Annotated photo localization data
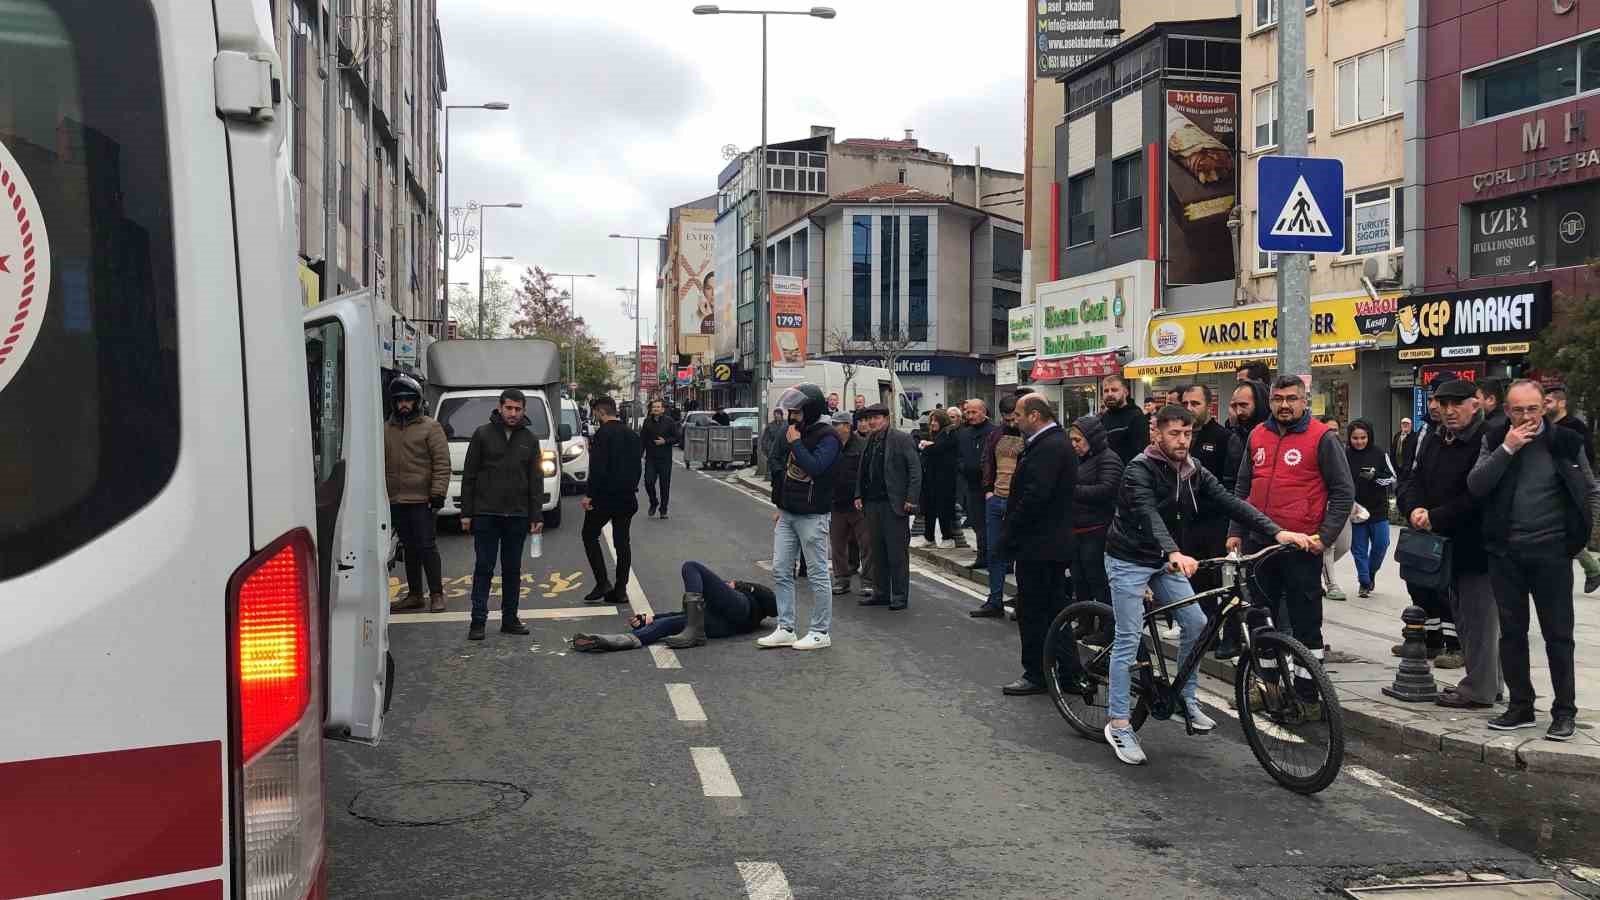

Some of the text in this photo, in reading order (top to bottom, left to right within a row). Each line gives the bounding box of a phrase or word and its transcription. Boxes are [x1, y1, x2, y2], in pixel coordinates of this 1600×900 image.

[1048, 17, 1119, 32] info@aselakademi.com
[1177, 92, 1194, 103] hot
[1419, 293, 1535, 338] CEP MARKET
[1365, 317, 1388, 330] Kasap
[1199, 320, 1248, 345] VAROL
[1253, 319, 1269, 340] ET
[1137, 367, 1158, 376] VAROL
[1213, 360, 1238, 371] VAROL

▶ [Exercise]: Give the entries again, exactly and in full, with no image included.

▶ [Expected output]:
Some of the text in this photo, in reading order (top to bottom, left to right within a row). Each line gives the bounding box of a phrase or word and its transcription. Boxes are [x1, y1, x2, y2], in pixel coordinates of this 1600×900 image.

[1048, 17, 1119, 32] info@aselakademi.com
[1177, 92, 1194, 103] hot
[1419, 293, 1535, 338] CEP MARKET
[1365, 317, 1388, 330] Kasap
[1199, 320, 1248, 345] VAROL
[1253, 319, 1269, 340] ET
[1137, 367, 1158, 376] VAROL
[1213, 360, 1238, 371] VAROL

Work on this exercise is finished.